20 April 2018
So Max Verstappen is a young aggressive driver, who is going through a patch of having a few accidents. It happens to most rising stars at some point. The only difference is that Max has already been a winner and so clearly knows how to do it, and his frustration is not born from the need for more experience, but rather because he is having to push his machinery more than it can be pushed. What he wants is a car that can win him races without the need of a Safety Car or others having accidents.
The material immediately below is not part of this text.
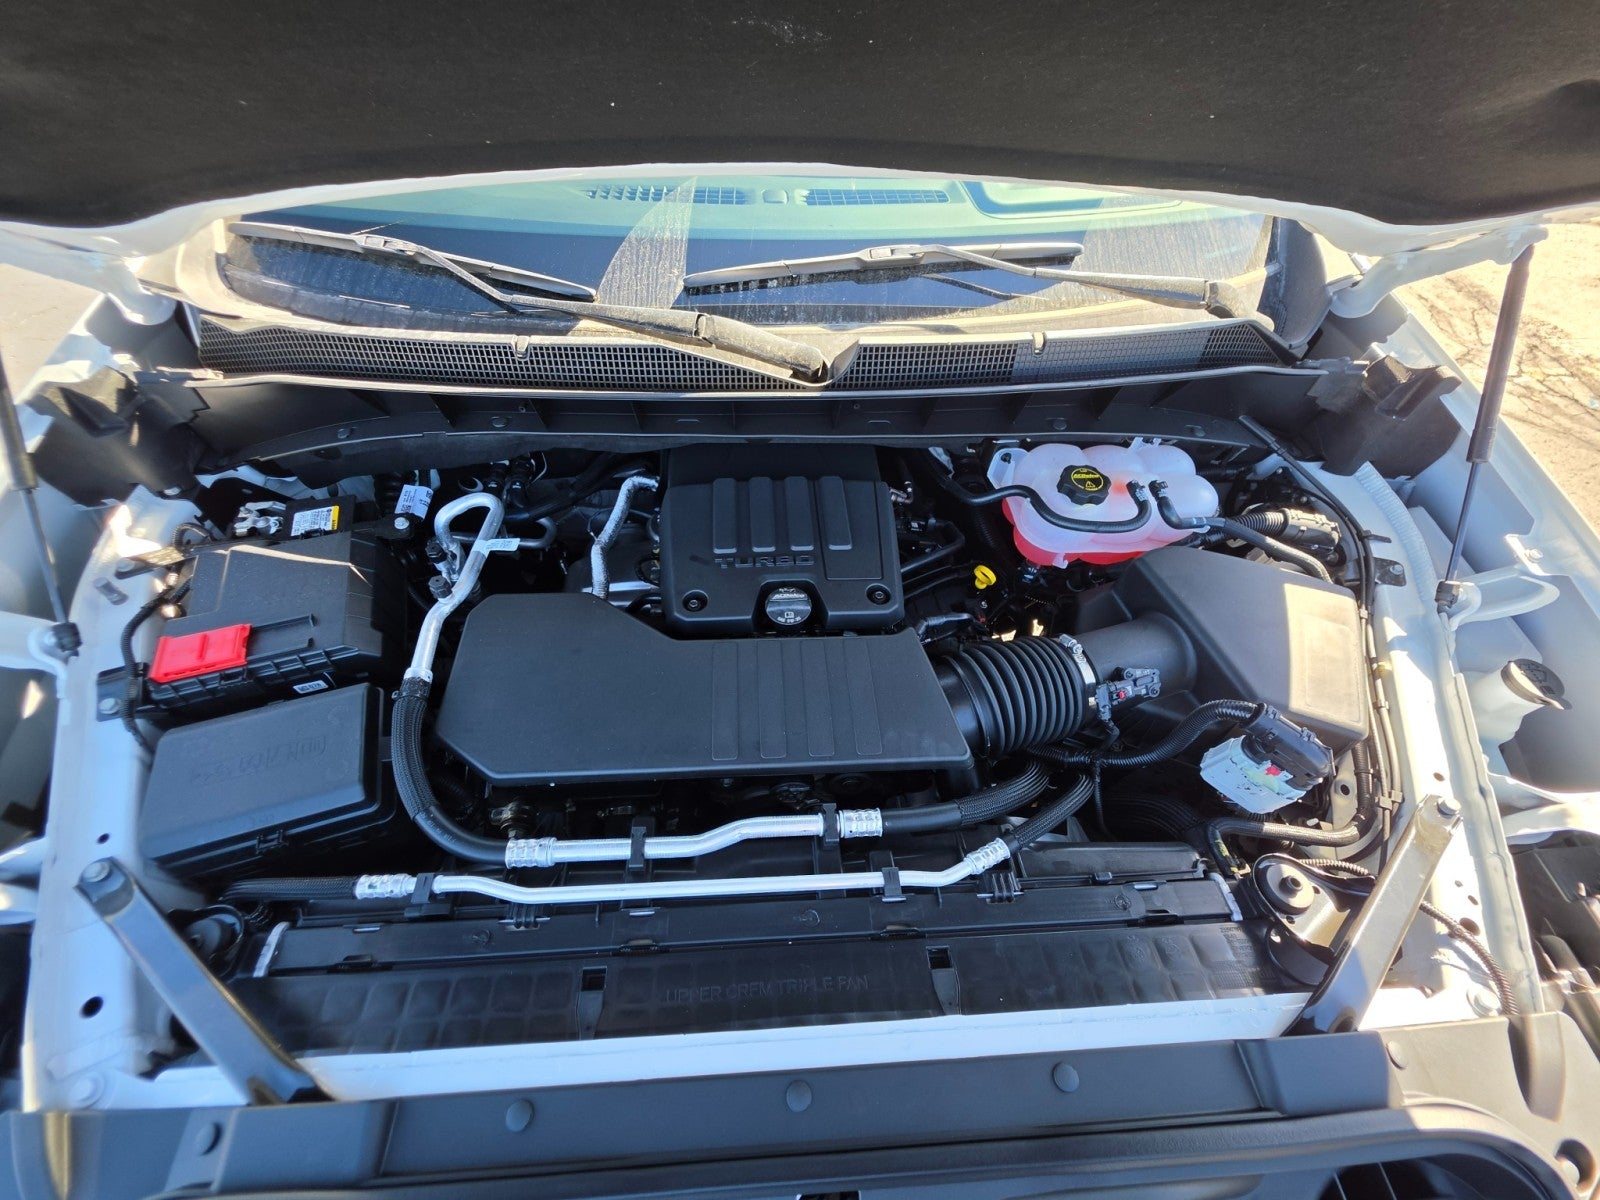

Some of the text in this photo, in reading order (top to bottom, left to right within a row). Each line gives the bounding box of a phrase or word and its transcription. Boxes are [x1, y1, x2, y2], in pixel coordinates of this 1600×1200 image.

Thus his frustration will only be allievated if the car improves and he starts to win with it. The reality is that the problem comes primarily from the engine, which is still not a match for the Ferrari or the Mercedes. Red Bull is consistently ahead of the Renault factory team and also McLaren, so it is entirely fair to say that the team has a better chassis, as the power units are the same. Red Bull is just about where it needs to be, close enough to strike when an opportunity arises, but not close enough to lead the dance. Perhaps Max was hoping after a strong end to the 2017 season that this year the team would be there. That’s not unreasonable, but the reality is that the team is still not close enough, although it may be on some circuits as the year develops. Performance these days is very circuit-specific and we need to see more to judge whether Ferrari and Mercedes will be ahead everywhere.
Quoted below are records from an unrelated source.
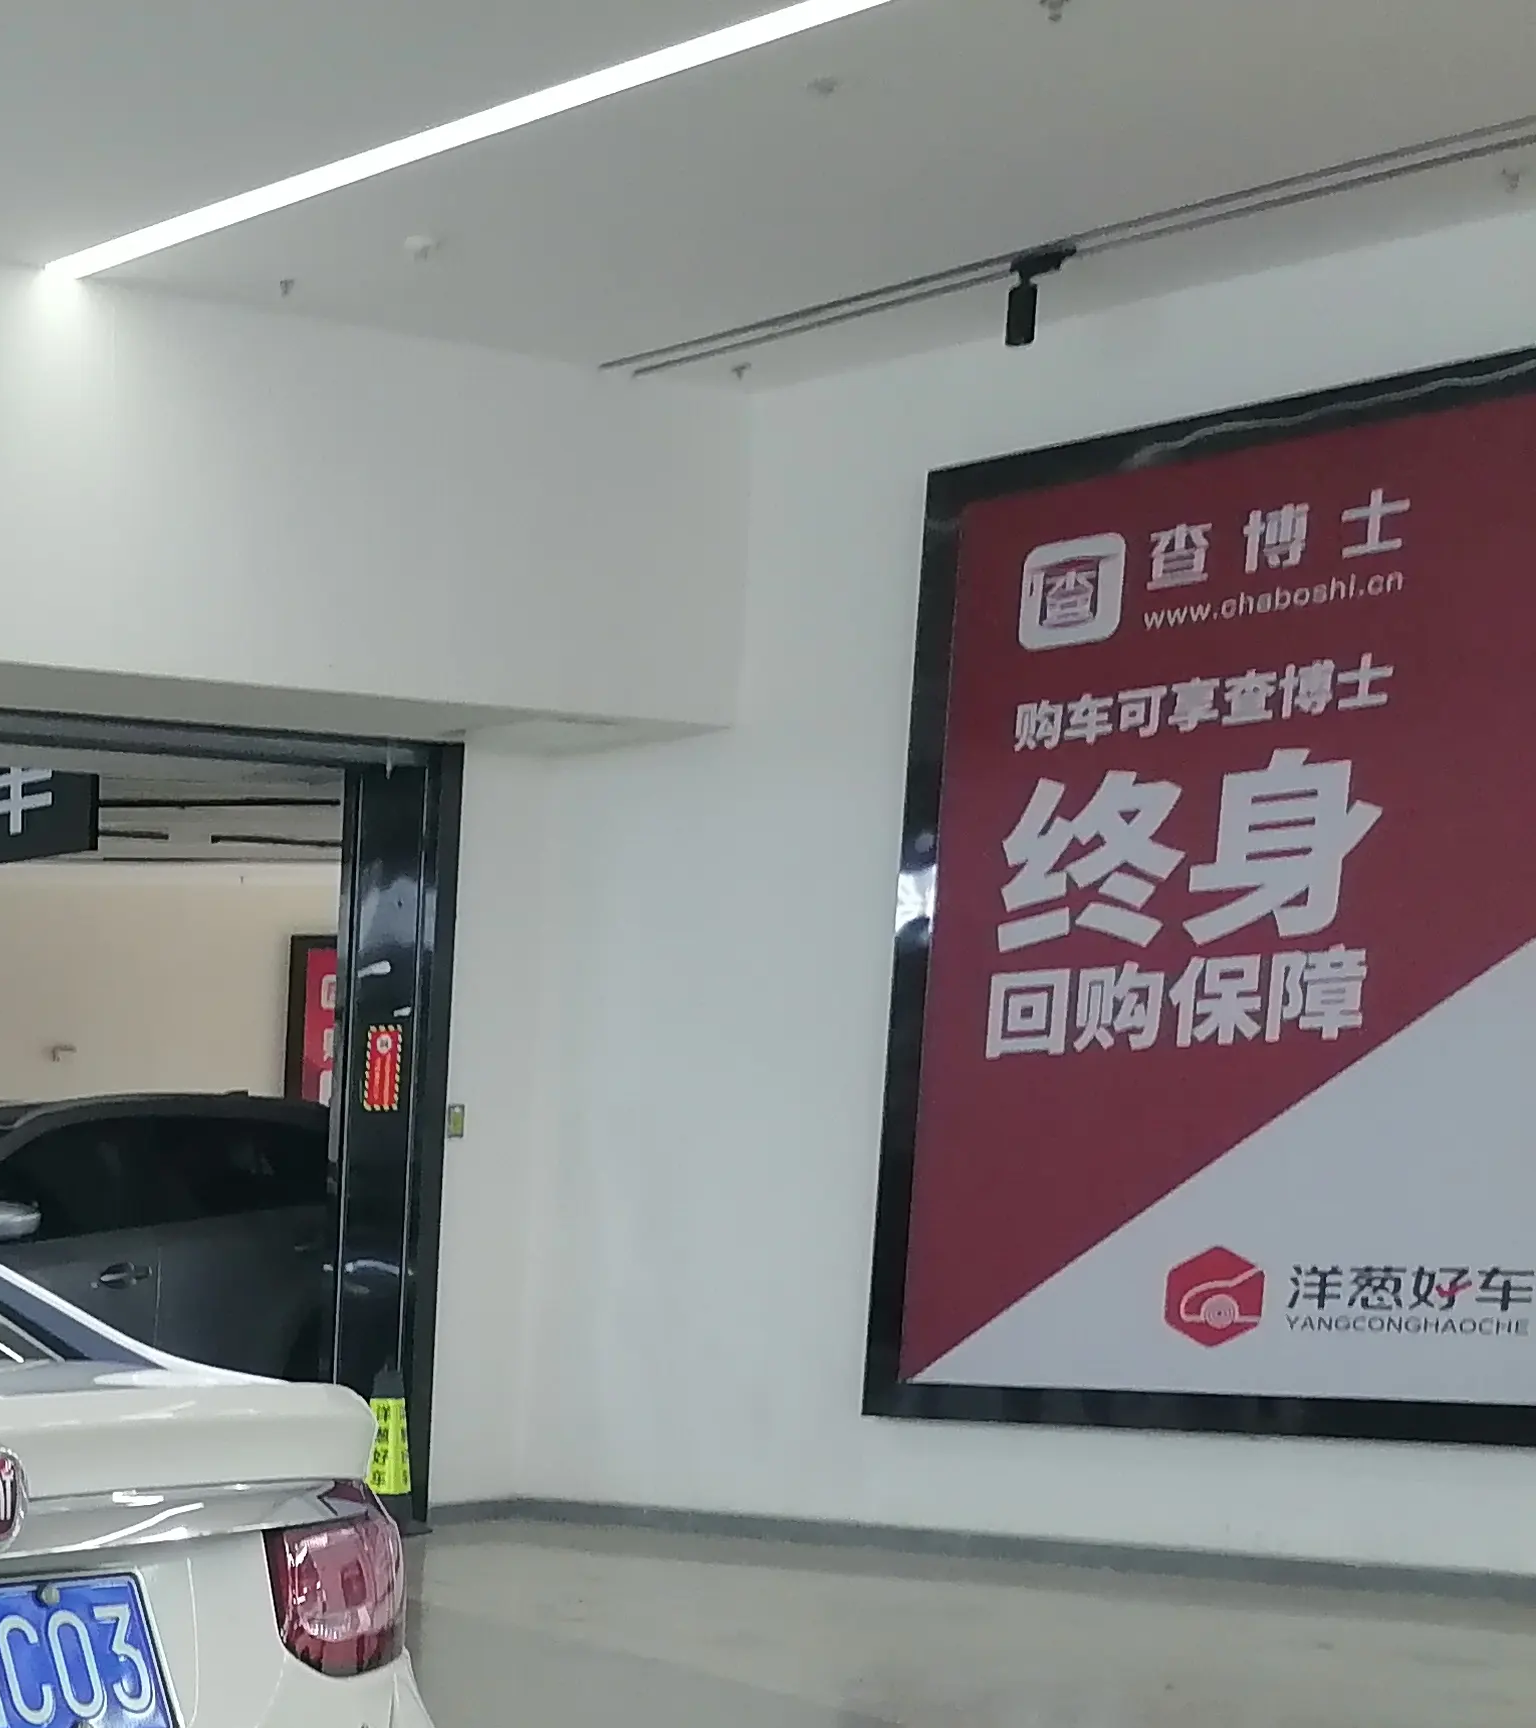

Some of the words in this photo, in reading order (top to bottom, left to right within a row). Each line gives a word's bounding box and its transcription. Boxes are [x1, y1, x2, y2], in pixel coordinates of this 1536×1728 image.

[1147, 488, 1410, 591] 查博士
[1144, 569, 1404, 631] www.chaboshi.cn
[1014, 653, 1394, 752] 购车可享查博士
[997, 748, 1383, 952] 终身
[985, 944, 1367, 1059] 回购保障
[1285, 1313, 1530, 1337] YANGCONGHAOCHE
[1288, 1264, 1534, 1311] 洋葱好车
There are some media mountebanks trying to peddle the idea that Verstappen needs to change his style. Why would he do that? It has proven successful thus far and has given the sport a little extra zing, why on earth would you change it? A driver’s style is part of his character and perhaps as he grows older Max will mellow, as many drivers do, but his style and his youth, and his mistakes, and his genius all add to the sport and we should not want him to do anything other than going racing as he knows how to race. So, why get on his back? Is it because it’s a quiet Thursday and the editor wants some copy to fill the endless pages of cyber-land to garner a few more page-views to use to keep the advertisers happy and to justify paying the salary of a scribbler who has little to scribble about. In such circumstances the writers always turn to the negative. It’s easier to bang out 300 words on what is wrong than about what is great. Yup, that’s the only logic I can see in all of this.
In any case, does anyone think Max will listen to this background noise? You don’t get to be a Grand Prix driver by being sensitive to media criticism. If you cannot soak it up, you simply don’t listen and lead a life unencumbered by the press.